Well, actually i´ve written:
It seems that some golden ears were already found, but then always began endless debating why that could not be true. You simply can´t have it both ways... there is only one set of scientific requirements and it does not depend on the results.

Obviously that is not the same......
 
Imho, there is a relationship between the ideas and the practice per the advertisement.

If you go back and look at Dr. Bose's research that predated the speaker, he had a spherical section placed in a corner, fairly large... I think from that he figured out that if he excited the rear wall surface you'd get a pretty "big" sound in the room.

The multiple speakers idea probably was a cost saving method, and the only practical method to make a small speaker that did this trick and still had HF response, not requiring a separate tweeter section, which would increase the size of the speaker.

The EQ was severe, and ate amplifier power - making money for the Phase Linear company, no doubt! :D

Big sound for the day... IF you had a hard flat and mostly empty wall to place them against they were fairly spectacular with some Led Zep spun up on ur turntable... lot's of "slam"...

They also had the benefit of having a smooth harmonic structure across the bandwidth, since all the sound came from the same drivers, no crossovers. The down side was that the double 4 x 4 in the rear created a pretty big interference pattern, but I suppose that was smoothed by the trip to and bounce off the rear wall...

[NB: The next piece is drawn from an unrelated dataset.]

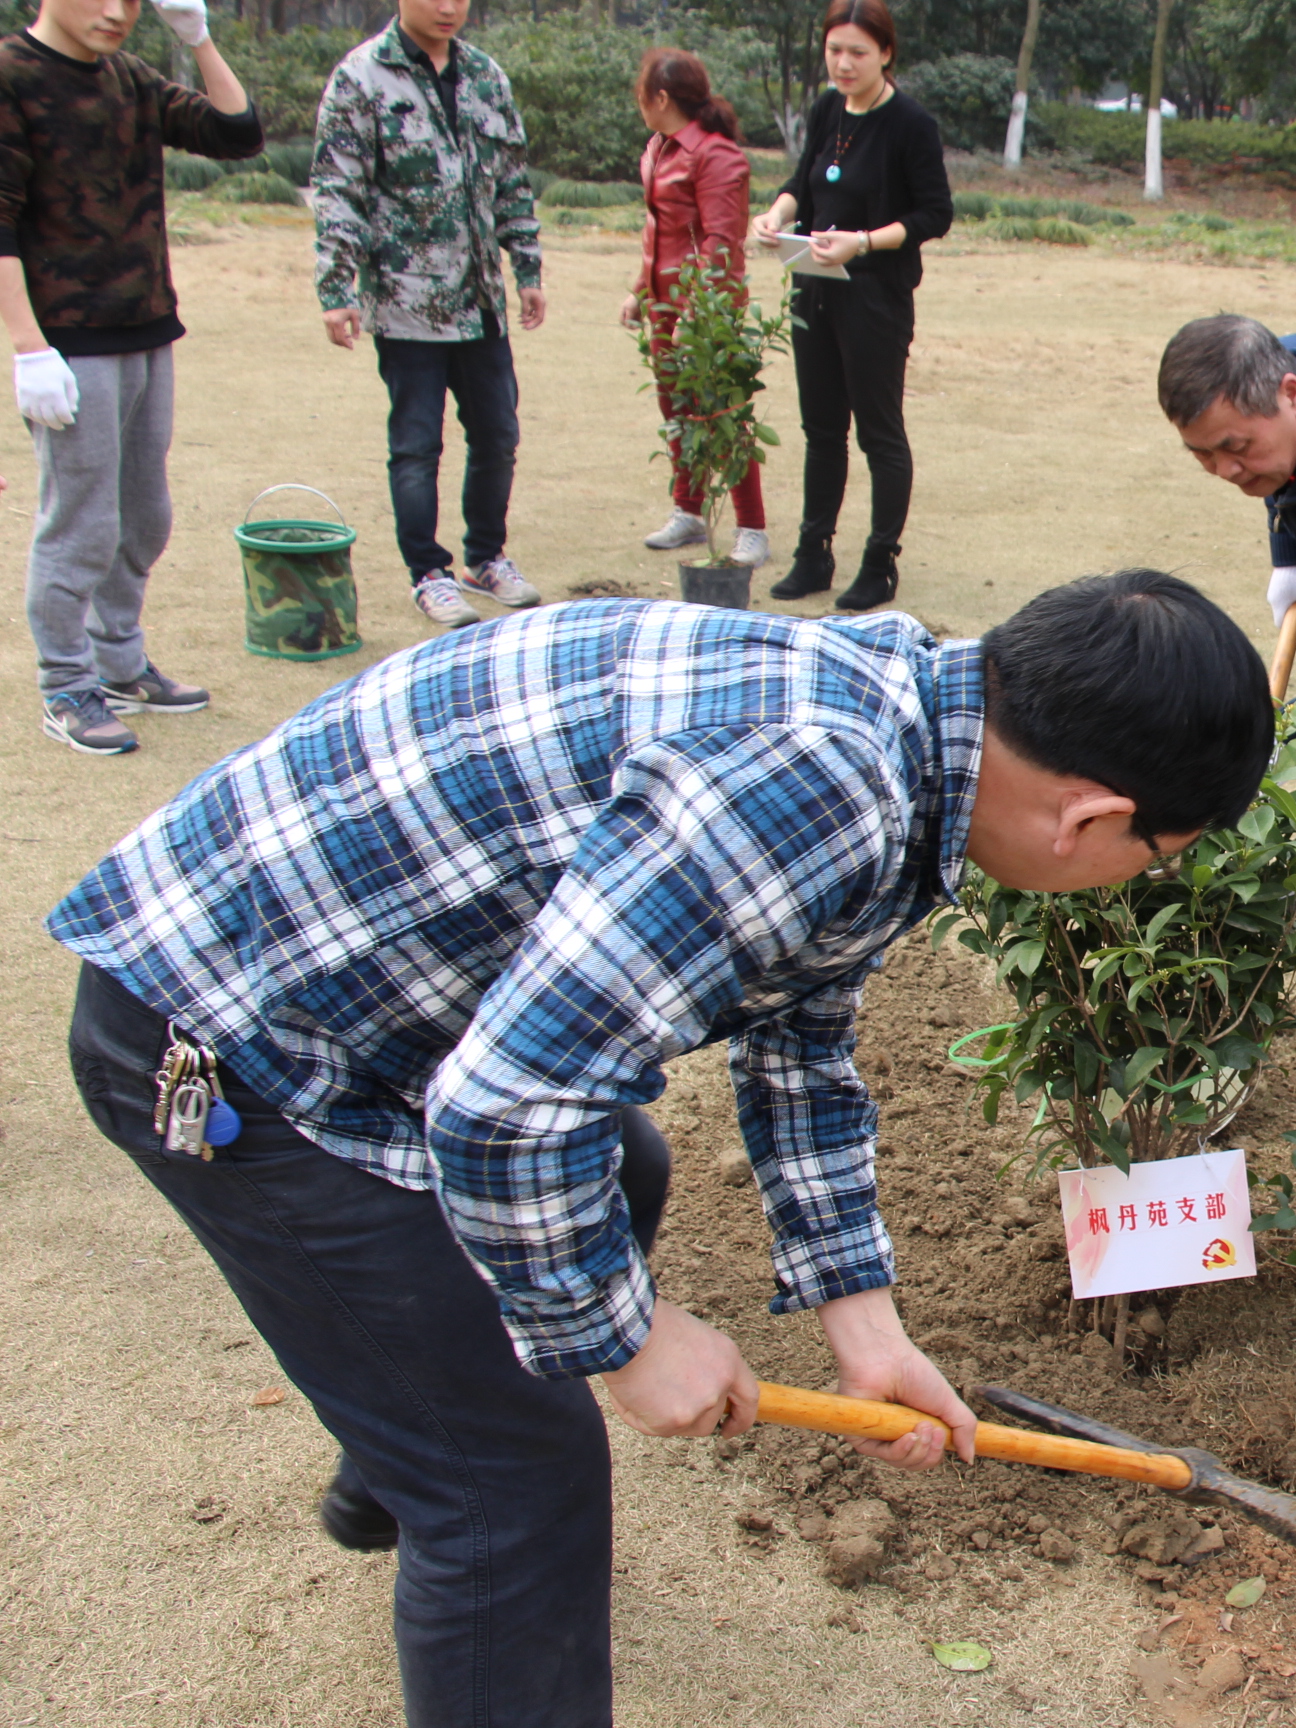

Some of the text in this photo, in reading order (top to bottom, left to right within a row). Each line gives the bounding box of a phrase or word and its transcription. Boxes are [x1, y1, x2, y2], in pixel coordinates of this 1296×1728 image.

[1088, 1193, 1226, 1235] 枫丹苑支部

Pretty tough speaker to get a definitive "frequency response" for - each room and placement to the wall and between the speakers is/was different!

Very fun speakers.
 
Yes I did get good results from thye tests, as well as realising how fallible our perception is and how easily the results can be biased by many things other than hearing.

Who would doubt that?
In fact you have realized the basis of any controlled listening (sensory) test, but there seems to be a somewhat naive believe that "our perception" would be per se less easily biased "by many other things than hearing" .

So sorry I am a believer in DBT as part of the design cycle and testing.

I am a believer in sound controlled listening tests, "DBT" isn´t a synonym for "good or sound" .

The striving was when I had carried out mods or tried cables that created differences that according to many where "night and day" differences, that I found under blind conditions just were not there... I realised that so many things work to alter our perceptions and quite often you are fooling yourself when you think there is a change, when there isn't....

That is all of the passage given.